The addition of "a 10% drop in hemoglobin" to the definition provides an objective laboratory measure. However, this is not helpful in acute situations since it can take hours for losses to create laboratory changes in red blood cell measurements. Signs and symptoms of hypovolemia (lightheadedness, tachycardia, syncope, fatigue and oliguria) are also of limited utility as they can be late findings in a young and otherwise healthy female. As a result, any bleeding that has the potential to result in hemodynamic instability, if left untreated, should be considered postpartum hemorrhage and managed accordingly.
Postpartum hemorrhage can be divided into 2 types: early postpartum hemorrhage, which occurs within 24 hours of delivery, and late postpartum hemorrhage, which occurs 24 hours to 6 weeks after delivery. Most cases of postpartum hemorrhage, greater than 99%, are early postpartum hemorrhage. Notably, most women are still under the care of their delivering provider during this time. With many women delivering outside of hospitals and early postpartum hospital discharge being a growing trend, postpartum hemorrhage that presents to the emergency department may be either early or late.
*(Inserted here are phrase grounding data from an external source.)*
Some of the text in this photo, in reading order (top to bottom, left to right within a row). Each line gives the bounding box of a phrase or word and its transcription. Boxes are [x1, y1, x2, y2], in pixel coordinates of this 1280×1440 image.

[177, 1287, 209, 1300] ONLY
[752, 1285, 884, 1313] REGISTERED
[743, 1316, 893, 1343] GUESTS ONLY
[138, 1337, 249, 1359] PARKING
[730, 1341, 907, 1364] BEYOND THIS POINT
Within this combined population, emergency medicine providers are likely to receive patients that fall into 1 of 3 categories:
At term, the uterus and placenta receive 500-800 mL of blood per minute through their low resistance network of vessels. This high flow predisposes a gravid uterus to significant bleeding if not well physiologically or medically controlled. By the third trimester, maternal blood volume increases by 50%, which increases the body's tolerance of blood loss during delivery.
Following delivery of the fetus, the gravid uterus is able to contract down significantly given the reduction in volume. This allows the placenta to separate from the uterine interface, exposing maternal blood vessels that interface with the placental surface. After separation and delivery of the placenta, the uterus initiates a process of contraction and retraction, shortening its fiber and kinking the supplying blood vessels, like physiologic sutures or "living ligatures."
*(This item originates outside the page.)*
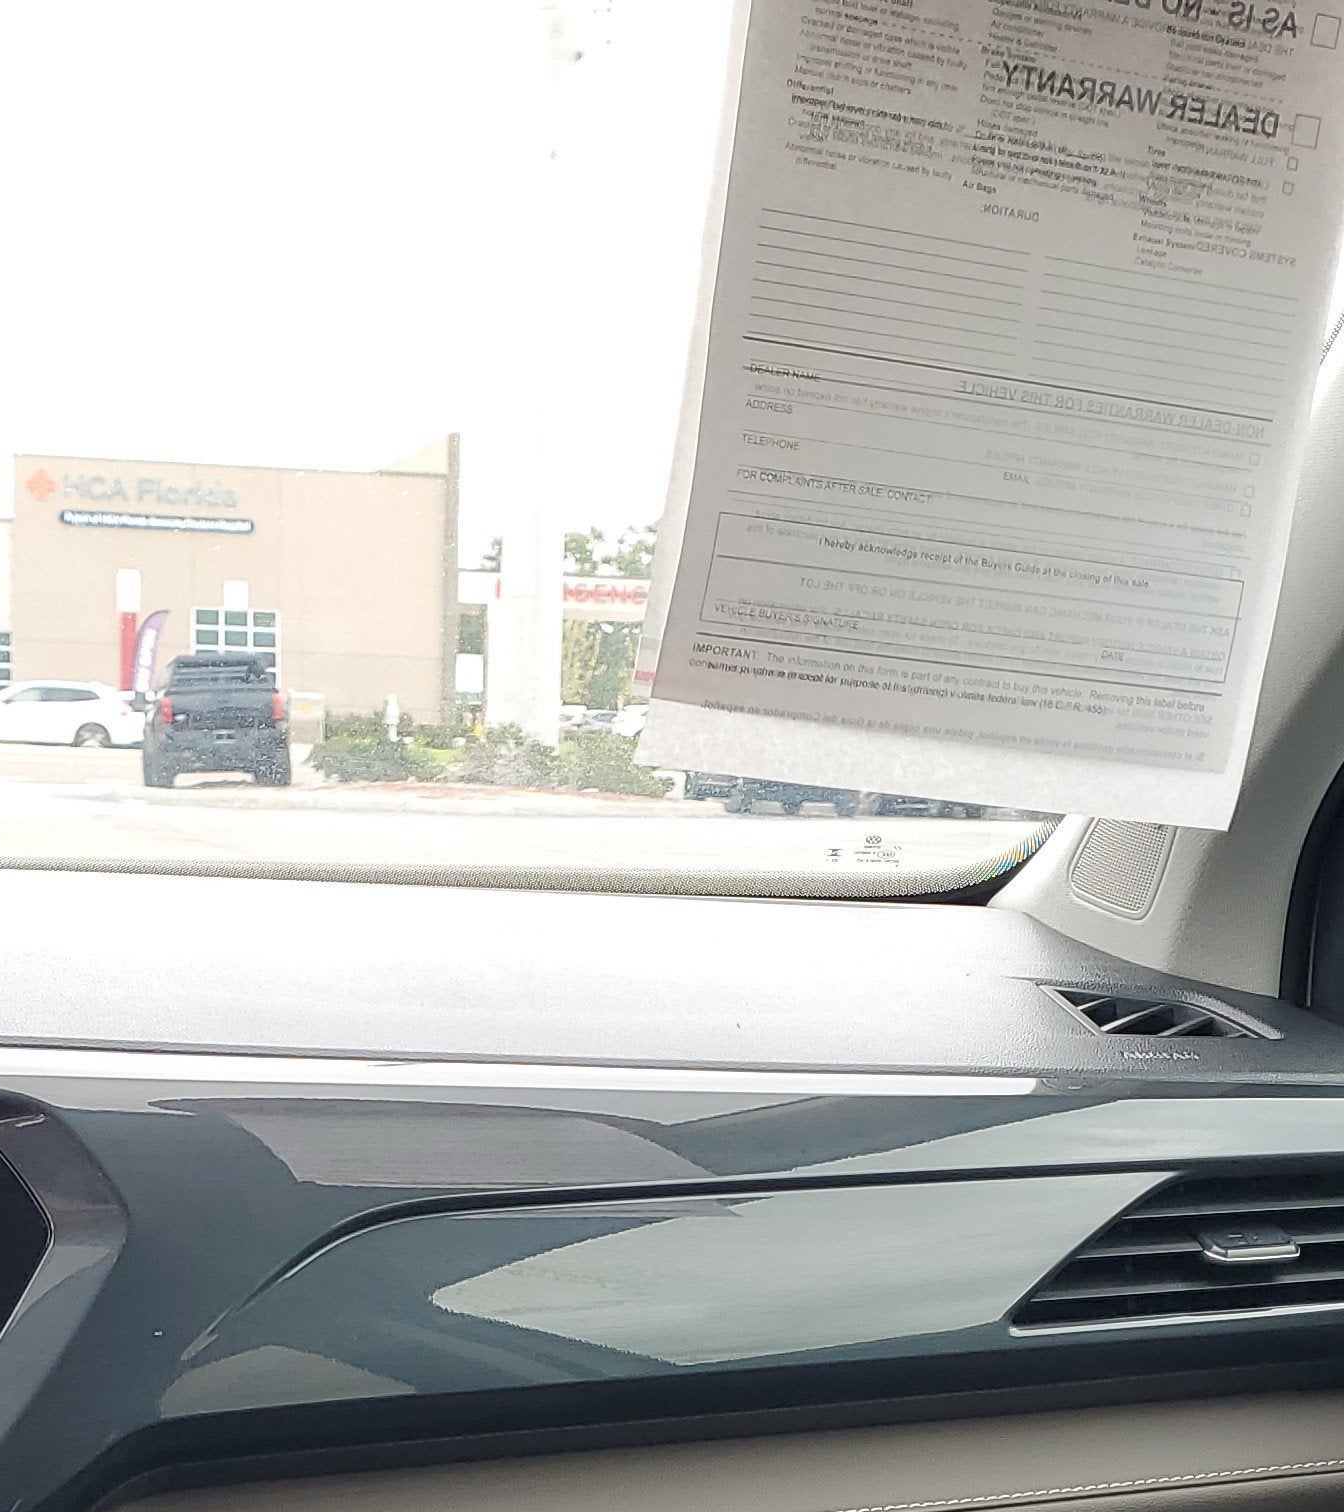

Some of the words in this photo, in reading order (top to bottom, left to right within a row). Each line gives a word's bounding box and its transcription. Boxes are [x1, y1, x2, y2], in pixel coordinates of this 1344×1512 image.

If the uterus fails to contract, or the placenta fails to separate or deliver, then significant hemorrhage may ensue. Uterine atony, or diminished myometrial contractility, accounts for 80% of postpartum hemorrhage. The other major causes include abnormal placental attachment or retained placental tissue, laceration of tissues or blood vessels in the pelvis and genital tract, and maternal coagulopathies. An additional, though uncommon, cause is inversion of the uterus during placental delivery.
The traditional pneumonic "4Ts: tone, tissue, trauma, and thrombosis" can be used to remember the potential causes. Here, a 5th is added; “T” for uterine inversion that will be called “traction.”
The incidence of postpartum hemorrhage is about 1 in 5 pregnancies, but this figure varies widely due to differential definitions for postpartum hemorrhage.
Mortality
Although accountable for only 8% of maternal deaths in developed countries, postpartum hemorrhage is the second leading single cause of maternal mortality, ranking behind preeclampsia/eclampsia.1 Globally, postpartum hemorrhage is the leading cause of maternal mortality. The condition is responsible for 25% of delivery-associated deaths,2 and this figure is as high as 60% in some countries. International initiatives to improve outcomes have invested in training birth attendants (traditional or otherwise) and nurse midwives on the active management of the third stage of labor (the period immediately after delivering of the infant). Most efforts focus on uterine atony, which is the primary cause of postpartum hemorrhage. This has included education on manual techniques to increase uterine contraction-retraction and making pharmacologic uterotonic agents (oxytocin and misoprostol) more available.3,4,5
Morbidity
Postpartum hemorrhage is a potentially life-threatening complication of both vaginal and cesarean delivery. Associated morbidity is related to the direct consequences of blood loss as well as the potential complications of hemostatic and resuscitative interventions.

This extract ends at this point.